The richest 10% of the world’s population “are responsible for half the emissions and half the related energy use,” he added, “so there is a lot of energy being used on luxury things, and very little for the basic needs of the population.”
So the pressure is on to think afresh, use energy more efficiently, switch to renewables, and stop spending on fossil fuels—particularly Russian fuels—as the climate crisis intensifies.
“We need change very fast. This may be a bad thing to say, but Vladimir Putin is helping us realize this in ways that we haven’t quite realized before,” said author, journalist, and 350.org co-founder Bill McKibben.
“I don’t think there’s anyone left in the world at this point who doesn’t understand that there is now a tight link between autocracy and fossil fuel,” he told participants. “If you depend on a resource that only exists in a few places around the world, the people who sit on top of those few places are going to end up with more power than they should have.”
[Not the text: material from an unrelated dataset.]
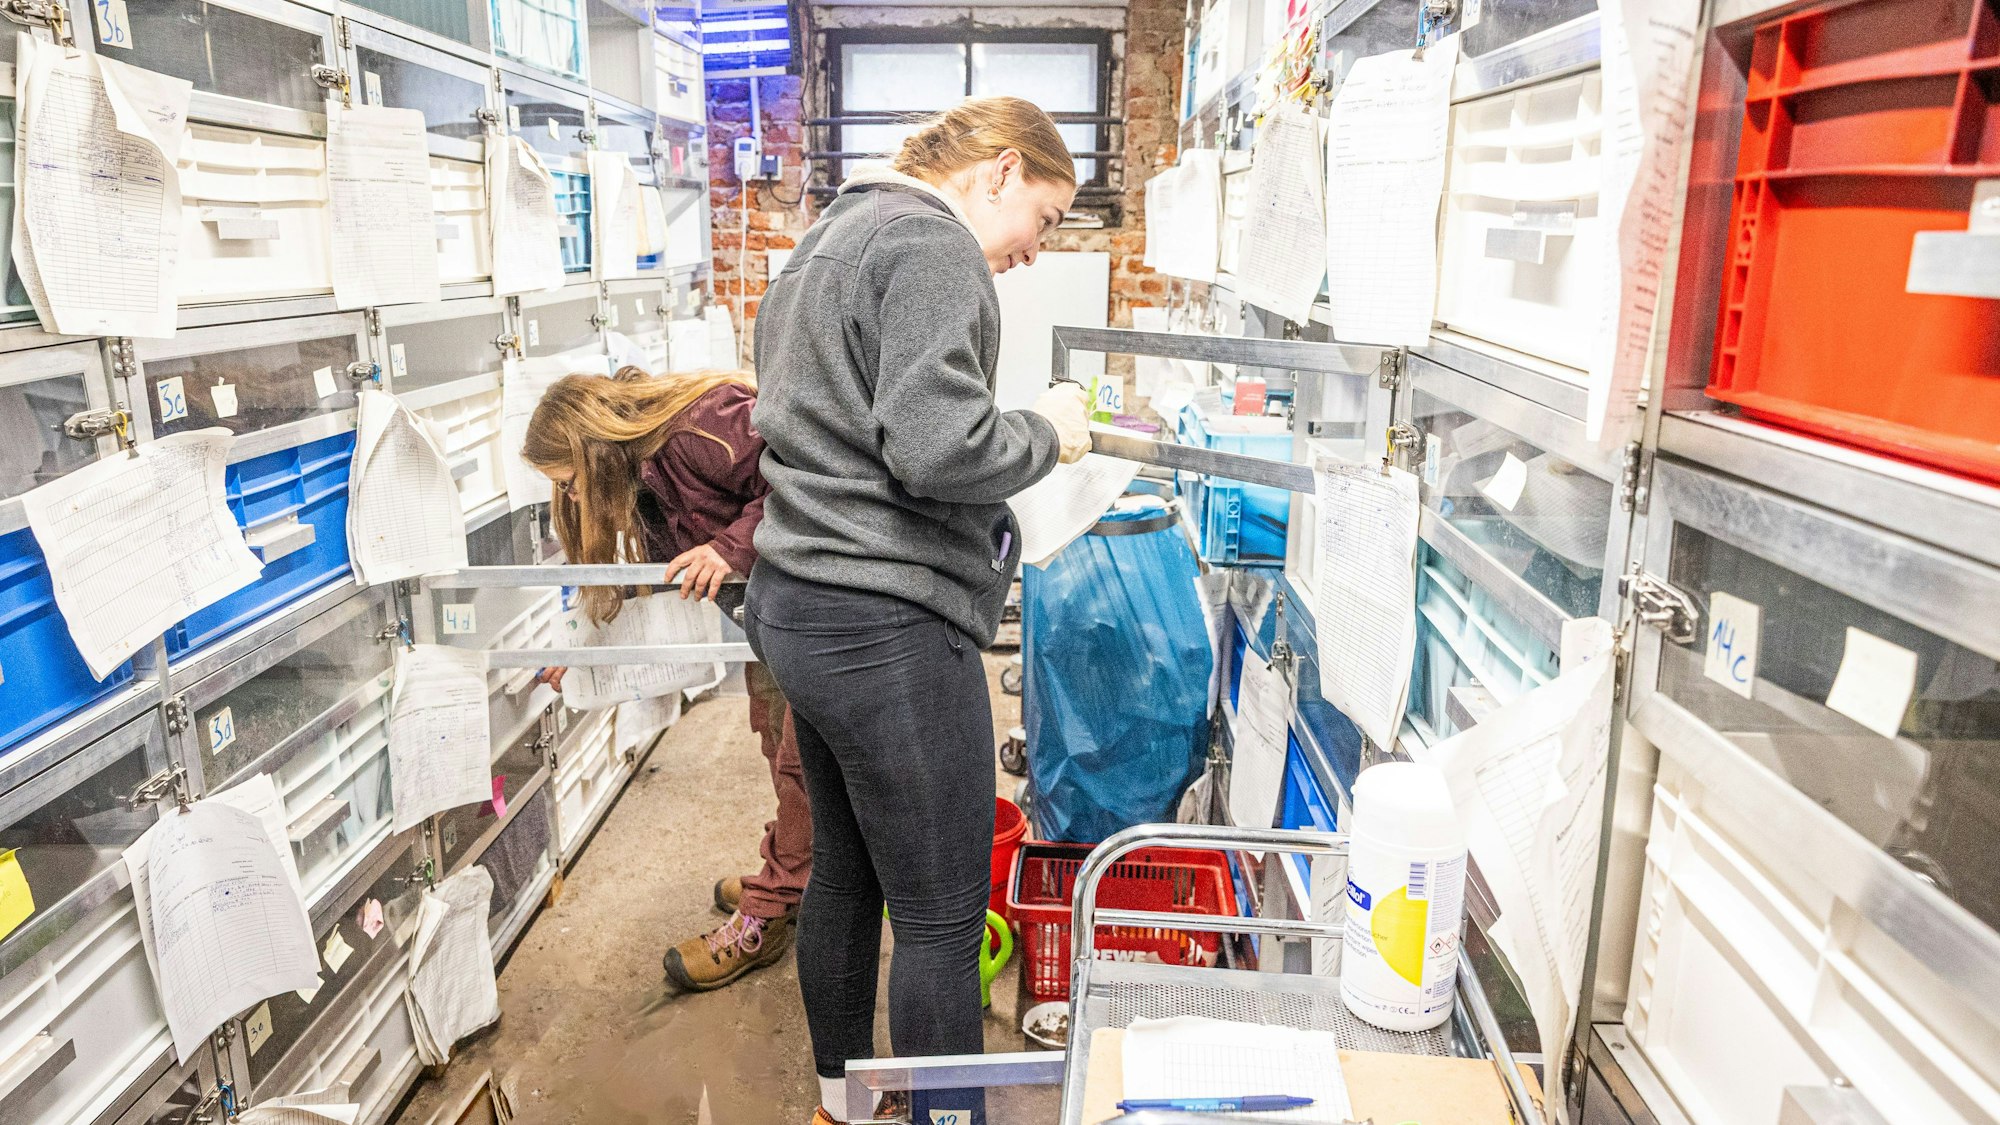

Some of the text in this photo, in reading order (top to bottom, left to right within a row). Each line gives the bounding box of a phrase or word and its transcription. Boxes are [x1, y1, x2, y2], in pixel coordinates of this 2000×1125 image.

As the cheapest option for power generation, renewables offer a new kind of freedom. Nobody can blockade the wind, or turn off the tap of the sun, McKibben added.
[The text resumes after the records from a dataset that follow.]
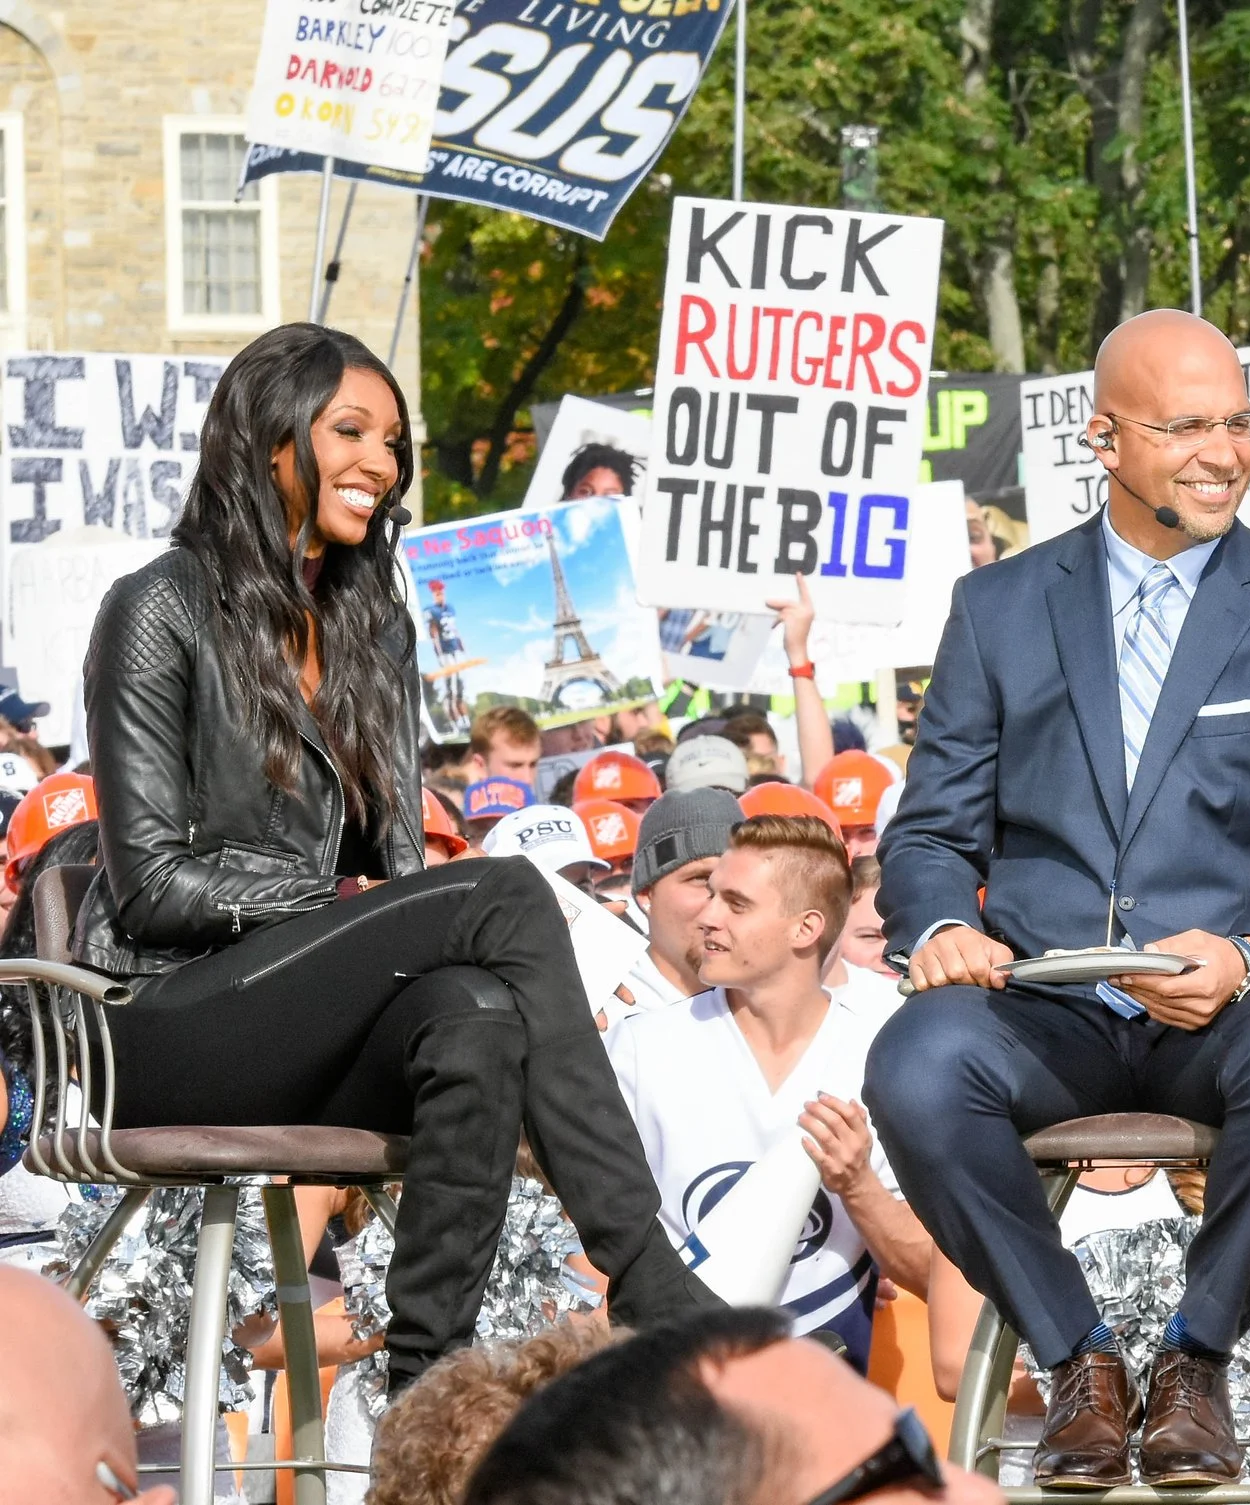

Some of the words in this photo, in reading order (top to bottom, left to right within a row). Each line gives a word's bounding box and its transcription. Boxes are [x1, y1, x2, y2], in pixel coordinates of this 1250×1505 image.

[295, 15, 386, 53] BARKLEY
[386, 29, 432, 59] 100
[518, 0, 671, 48] LIVING
[432, 15, 701, 182] SUS
[442, 154, 498, 183] ARE
[490, 165, 611, 214] CORRUPT
[685, 206, 904, 297] KICK
[673, 294, 926, 399] RUTGERS
[7, 356, 86, 449] I
[665, 386, 799, 475] OUT
[820, 400, 907, 480] OF
[10, 457, 63, 543] I
[456, 517, 552, 550] Saquon
[657, 477, 766, 574] THE
[516, 820, 572, 845] PSU
“We need people standing up in particular to the big financial institutions, the big banks and asset managers that continue to pump money into the fossil fuel industry, and in many cases quite directly into Russia and its energy resources. And we can do this.”
McKibben argued for swift action, new thinking, and a dramatic change of global course. He envisioned a rebuilt Ukraine as a model for the rest of the world to follow, in a world scarred by increasing climate catastrophe.
“There’s nothing good about having cities destroyed,” he said. “But when it’s done, those cities are going to need to be rebuilt, and when they are rebuilt the opportunity for making Ukraine the absolute showcase for what we can now do is going to need to be a top priority…. The basic bottom line here is speed.”
Rocky Mountain Institute co-founder Amory Lovins, whose four grandparents were all born in small villages between Kyiv and Odesa, put the case for building back better with the same urgency.
“Putin’s war focused attention on Europe’s immediate fuel crisis and away from the fundamental energy transformation that it both interrupted and accelerated,” he said. “Yet those deeper energy shifts are truly revolutionary.”
Lovins said innovative thinking could raise ambition, prevent future fuel crises, stabilize economies and the global climate, relieve energy poverty, and speed Ukraine’s reconstruction. With actions that have “blown up” the fossil fuel era, he added, Putin has set in motion all the outcomes he dreaded.
“He has… sped the end of the fossil fuels that underpin his power,” Lovins said. “If we grasp this unique opportunity, as the EU is doing with impressive focus and resolve, then Ukraine’s agony will not have been in vain.”